Monday, December 14, 2009: 9:39 AM
Texas, First Floor (Marriott Hotel)
The relationship between plants and insects is incredibly intricate, involving complicated cascades of biochemical pathways. Nicotine is an alkaloid synthesized in the roots of tobacco plants and transferred systematically in the plant in response to insect damage. Nicotine functions as an inducible chemical defense compound upon herbivory. While at the same time the fate of the caterpillar is dependent on its digestive performance and the ability to overcome toxic components of its diet. This is especially true for natural plant allelochemicals. Insects use detoxification genes such as cytochrome P450s, and glutathione S-transferases that are known to be inducible by xenobiotics, and are involved in host plant adaptation. In this experiment tobacco plants were grown from seeds in an environmentally controlled growth chamber for 8 weeks.
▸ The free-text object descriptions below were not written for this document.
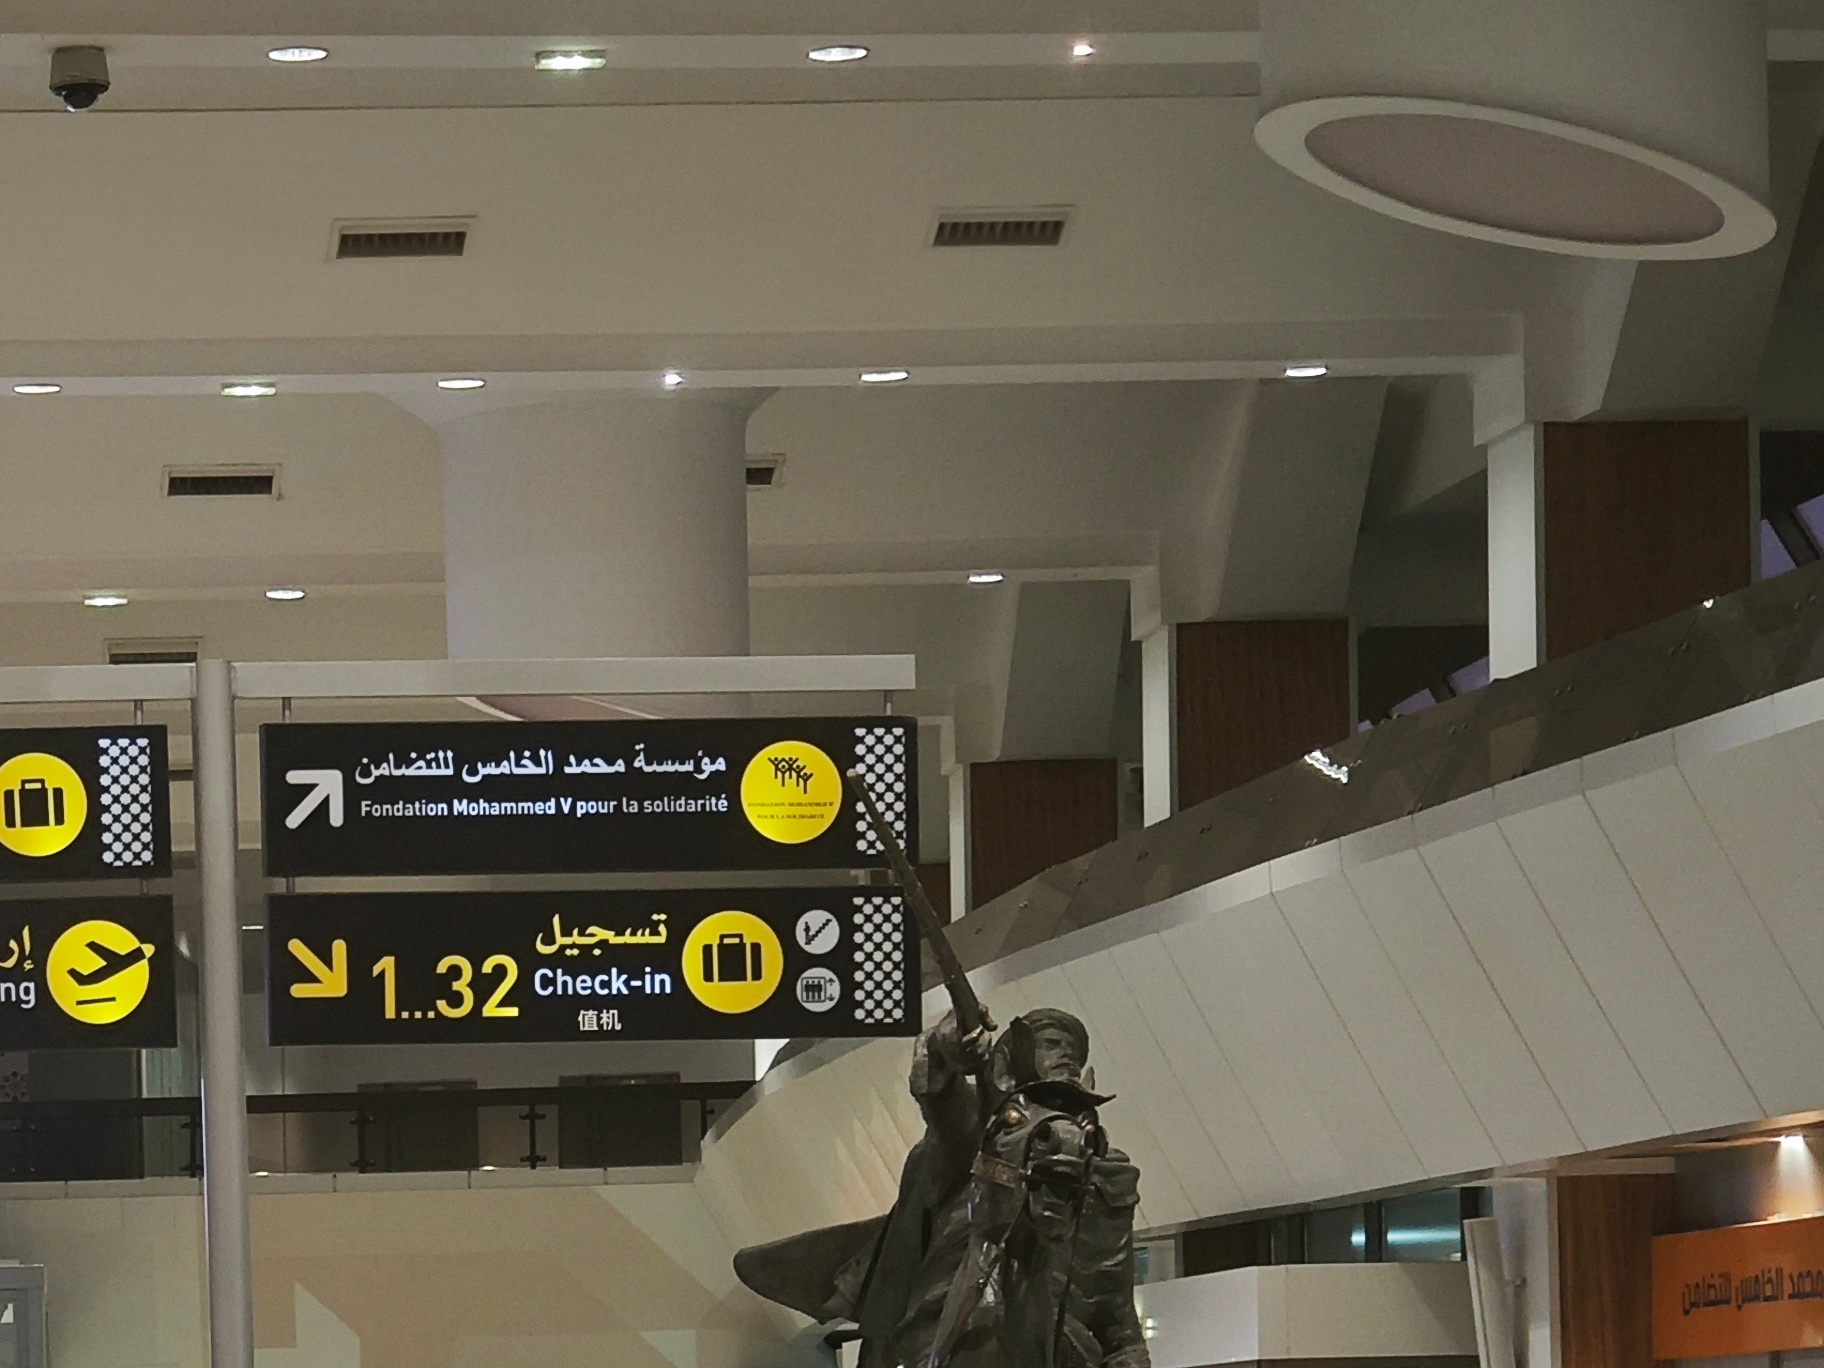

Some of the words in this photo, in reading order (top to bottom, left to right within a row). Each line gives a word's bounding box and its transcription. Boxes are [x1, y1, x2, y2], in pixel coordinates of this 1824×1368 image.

[356, 750, 453, 784] للتضامن
[462, 749, 553, 783] الخامس
[564, 755, 625, 773] محمد
[634, 748, 726, 779] مؤسسة
[362, 800, 448, 816] Fondation
[453, 798, 555, 815] Mohammed
[560, 797, 572, 814] V
[577, 801, 617, 817] pour
[623, 797, 638, 812] la
[644, 794, 728, 812] solidarité
[536, 914, 667, 955] تسجيل
[535, 967, 671, 995] Check-in
[578, 1010, 621, 1030] 值机
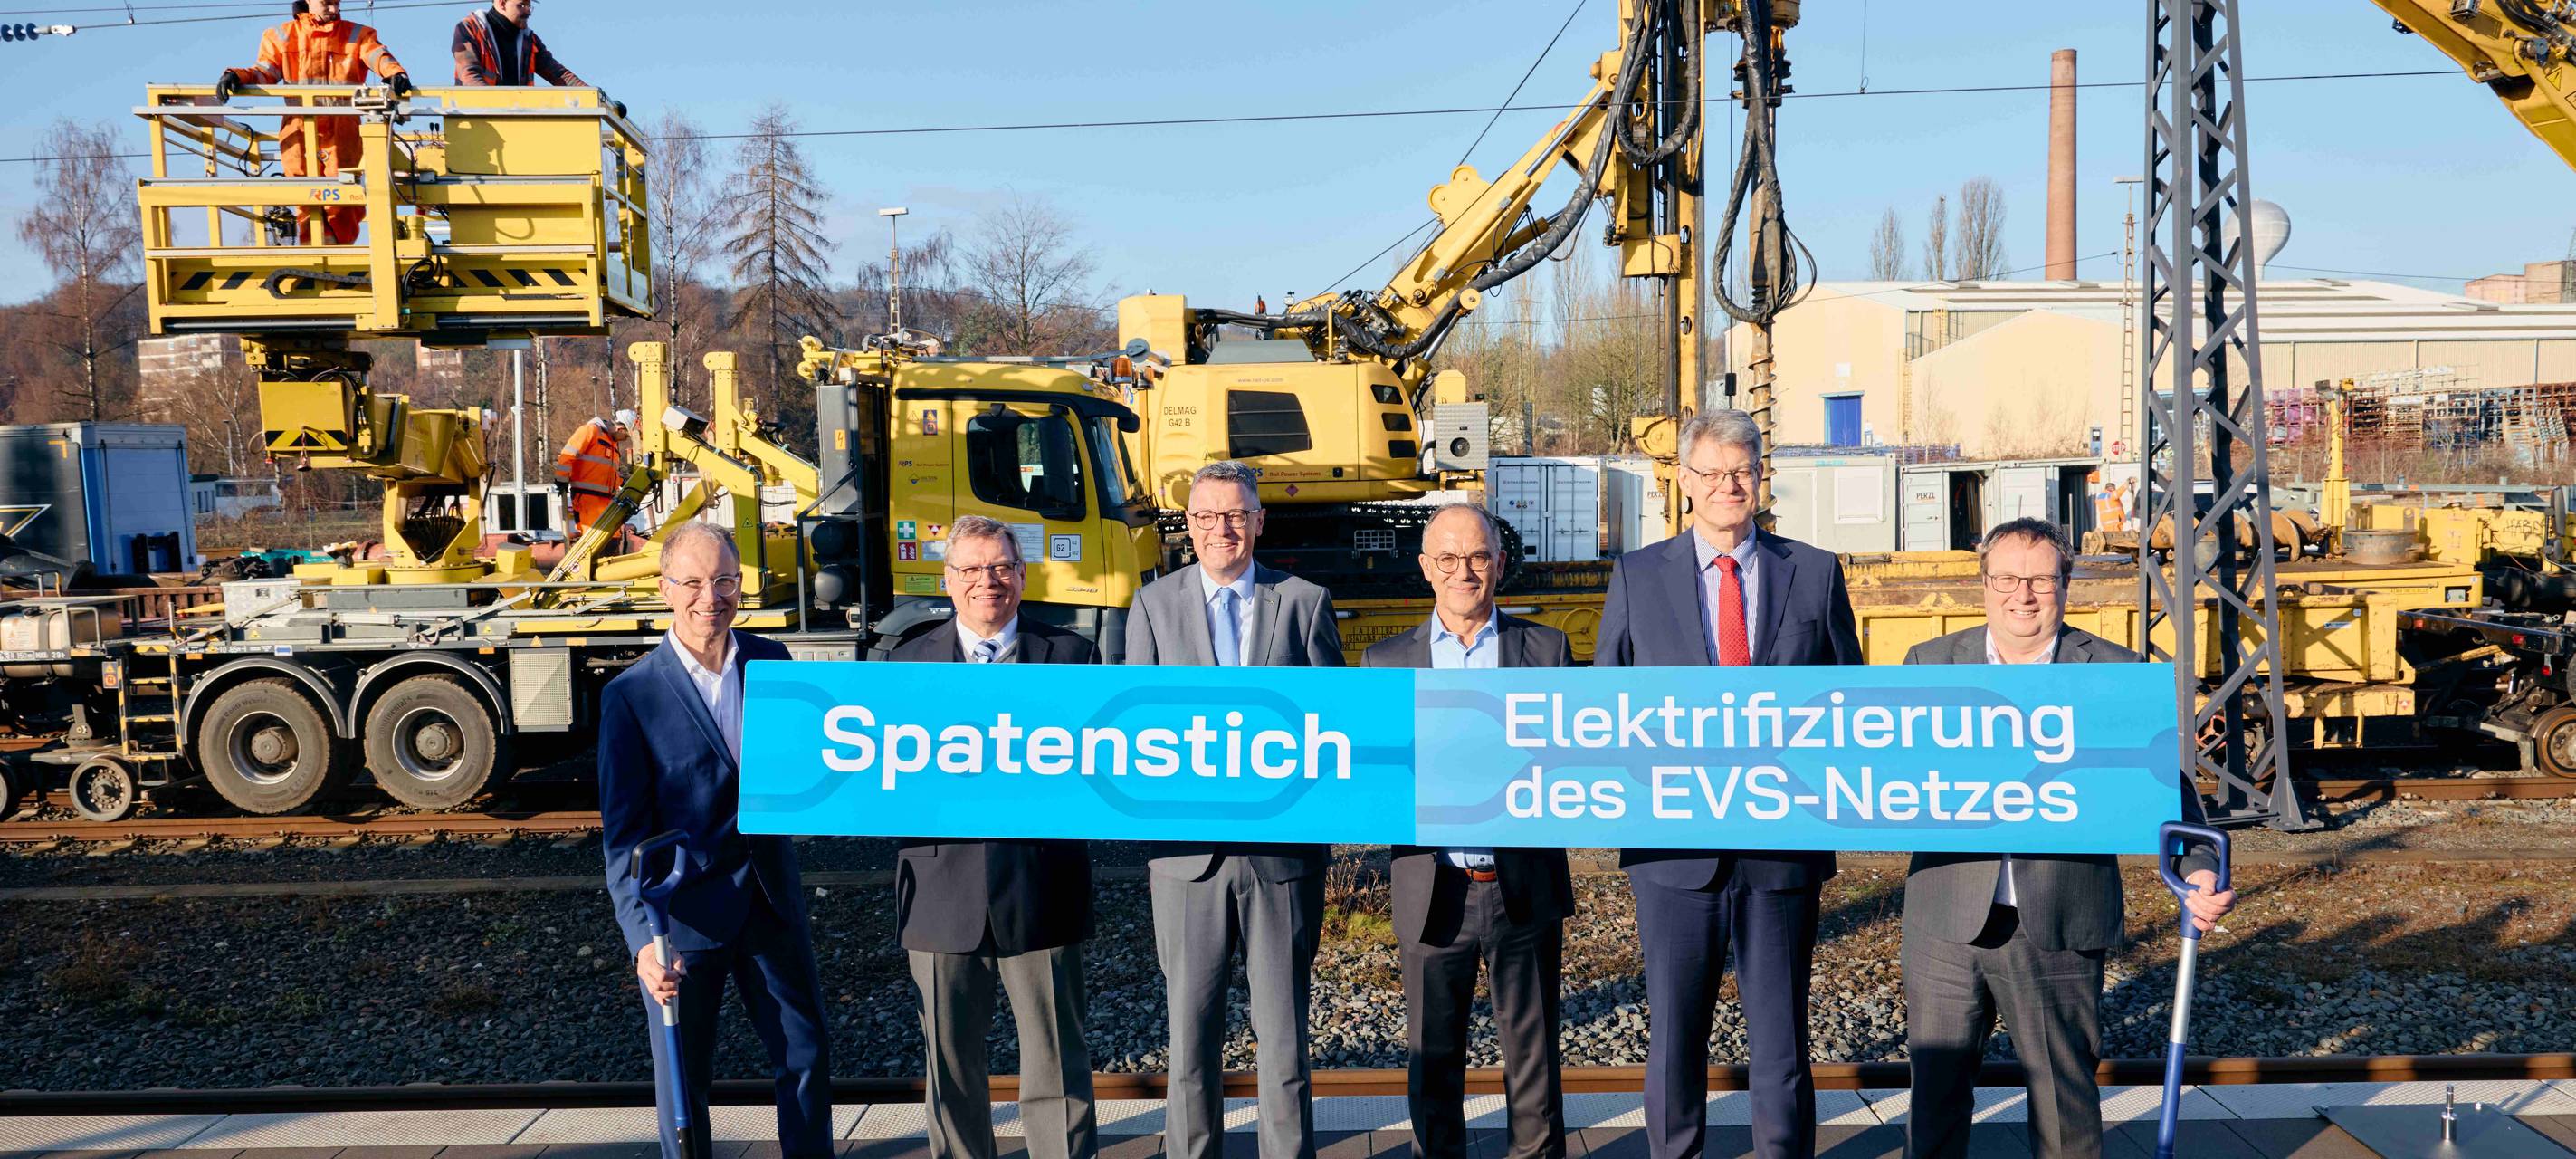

Sixth instar Helicoverpa zea caterpillars were caged onto individual tobacco leaves, one caterpillar per plant, and allowed to feed for 24 hours, periodically repositioning the cage to ensure optimal herbivory. The leaves and the caterpillars were harvested and RNA was purified from each sample (plant and caterpillar) and labeled with cyanine 3 or cyanine 5 dyes, which then was hybridized onto tobacco oligo microarrays. Analysis of the arrays produced hundreds of significantly altered genes in both the tobacco plant and caterpillar in comparison to their controls. The results in this study show how tobacco plants respond to caterpillar herbivory and with the advent of caterpillar microarrays we can show for the first time how caterpillars respond on a genomic scale to these challenges.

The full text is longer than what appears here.